Project overview

Dyslexia@Work is an Erasmus+ KA2 project (no. 2019-1-IT01-KA202-007433) which aims to increase access to employment for people with dyslexia. In particular, the aim is to implement a series of actions to improve the skills and professional development of the professional figures in charge (guidance consultants, specialists in the management and training of human resources in companies, operators of public employment services and individuals) on the subject of dyslexia and inclusion in the world of work.

According to substantial scientific estimates conducted by the European Dyslexia Association (EDA), European citizens with dyslexia are between 3% and 12% of the population, with significant differences between countries but falling within this range. Dyslexia is the most widespread specific learning disorder, which makes it difficult to acquire and use reading, spelling and writing skills and other cultural skills related to communication.

While awareness of dyslexia is reasonable good in the educational system, even if in a heterogeneous way at European level, the theme of the inclusion of dyslexic young people and adults in the workplace is now emerging in an important way.

Project Objective

The project aims to achieve a dual objective: on the one hand to identify a set of good practices, methodologies and tools that allow companies, recruiters, public and private employment services, even in the presence of specific difficulties such as dyslexia, to being able to appropriately assess the abilities and talent of a dyslexic candidate; and on the other hand, provide opportunities for dyslexic adults to approach and calmly face the research and selection phases, job placement and professional growth, minimizing the fatigue and discomforts that dyslexia entails.

The reference target of the project is made up of professional operators working in the field of training and job placement (from counsellors to trainers, from employment service workers to recruitment processionals and human resource managers in the company).

Project Phases

The following are the different phases in which the project is divided:

  1. Comparative analysis: in this phase, each European partner undertakes to identify in its own country a series of specific elements, in particular on the reference legislation on the subject of dyslexia and work, on the organization of public and private employment services, on the modalities of recruitment and selection of personnel, and finally on the analysis of some specific situations (such as the modalities of the examination of the driving license, the modalities of the examinations for access to the Professional Associations, the selection procedures in the public competitions).
  • Action research: In this phase, a team of researchers will concentrate on preparing a semi-structured interview to be addressed to the operators / professionals who work in various ways in order to detect knowledge and specific skills in the field of dyslexia and the market of work. To this end, at least 100 structured interviews are scheduled for sector operators in the various countries involved in the project.
  • Creation of Guidelines and Operating Manual. Central phase of the project, the result is the production of Guidelines and contextual Operational Manual which will have the objective of providing operators (guidance counsellors, recruiters, recruiters, public institution operators, etc.) with the appropriate tools to identify and enhance the real potentiality, without denying the  difficulties, of dyslexic workers in their insertion into the working world, thus seeking to facilitate and make the orientation paths and selection phases more effective.

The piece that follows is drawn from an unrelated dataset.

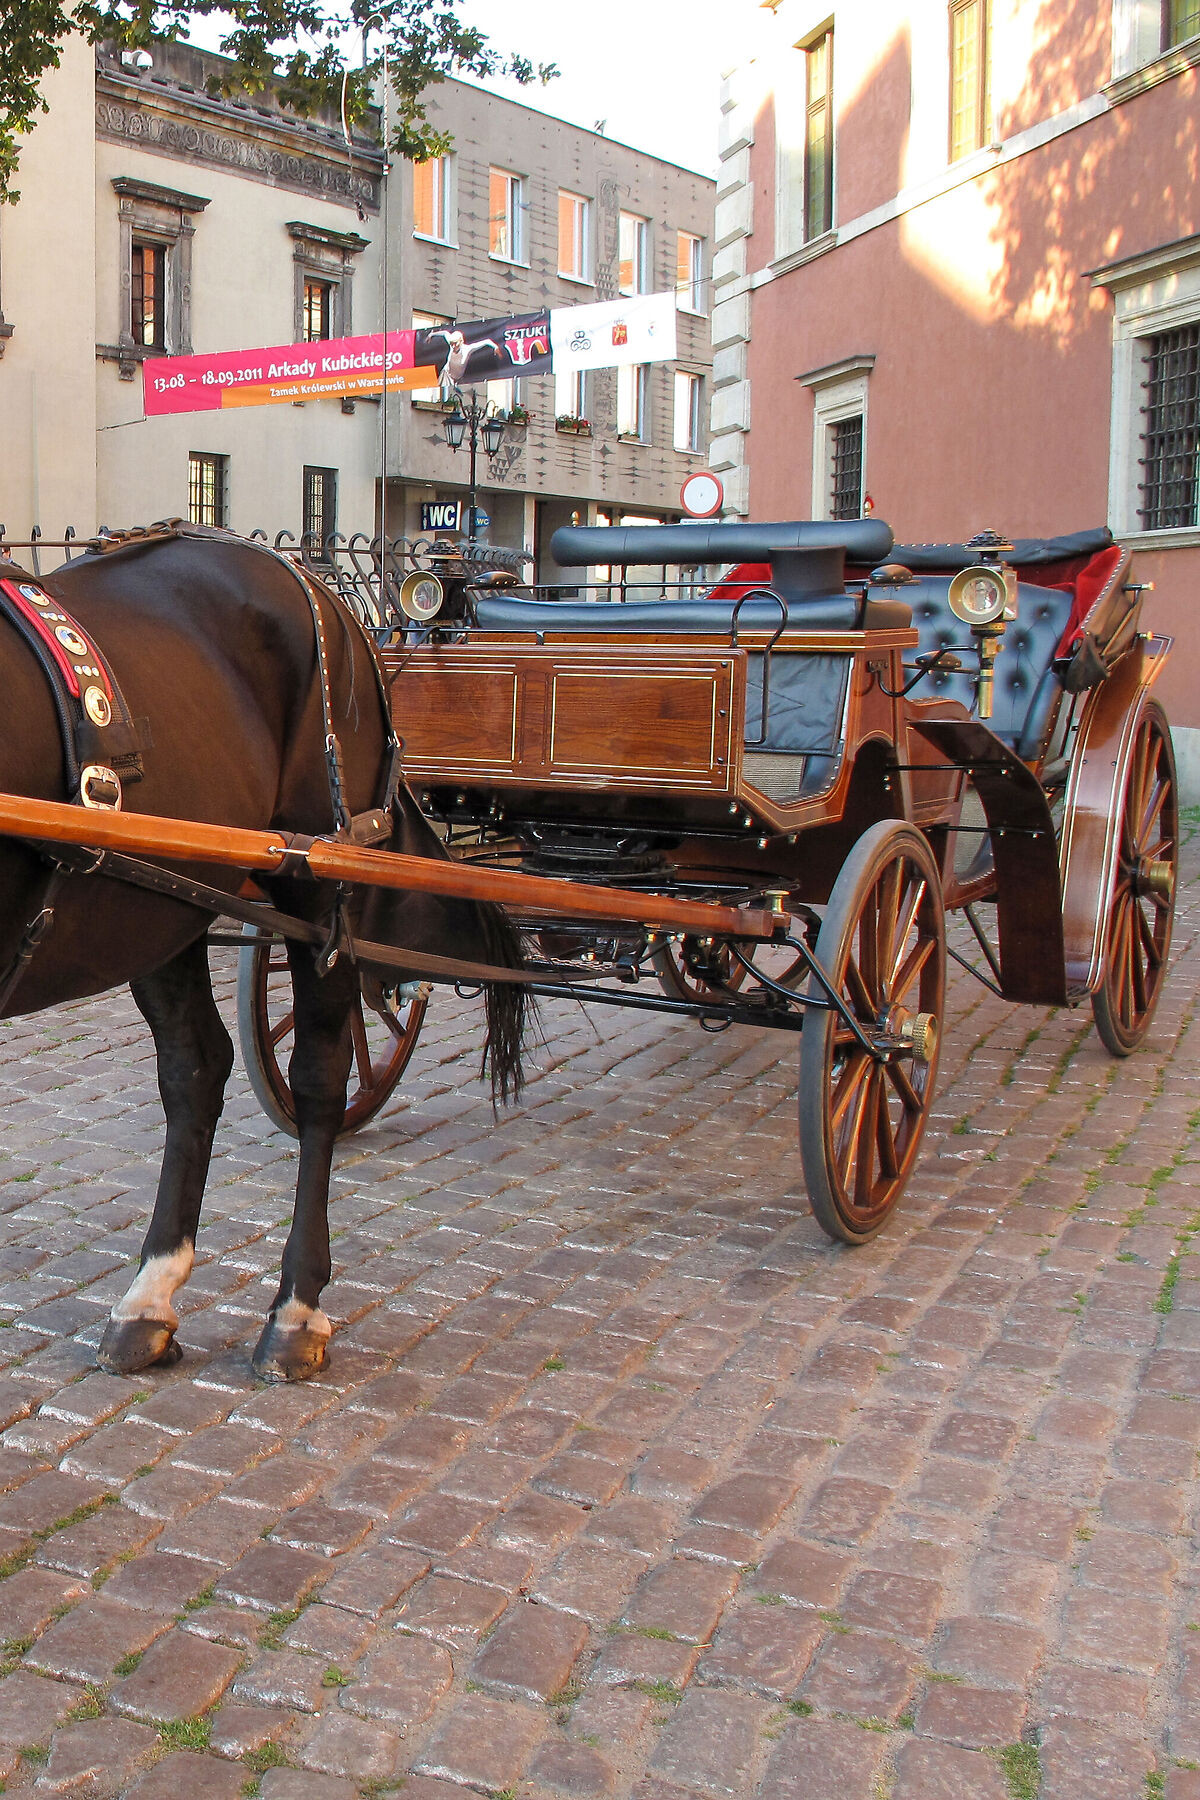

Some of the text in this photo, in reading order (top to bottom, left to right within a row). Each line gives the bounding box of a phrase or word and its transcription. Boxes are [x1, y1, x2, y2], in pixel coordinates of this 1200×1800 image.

The main expected result is therefore to start from this and other experiences developed in different territorial contexts to arrive at the realization of a “model of intervention” related to services for work, work placement and training in the workplace. This project therefore has a win-win approach, where all parties get benefits:

  • Dyslexic workers (and job seekers) who will be selected and evaluated in a more equitable and respectful manner;
  • Operators of job placement (from counsellors to recruiters, from human resources departments of companies to public service operators) who will have greater skills to be able to carry out their work in the best possible way;
  • Companies that will have workers better integrated into the workforce and therefore more productive;
  • Society in general that takes advantage of the increased possibility that more people can be correctly inserted into the world of work.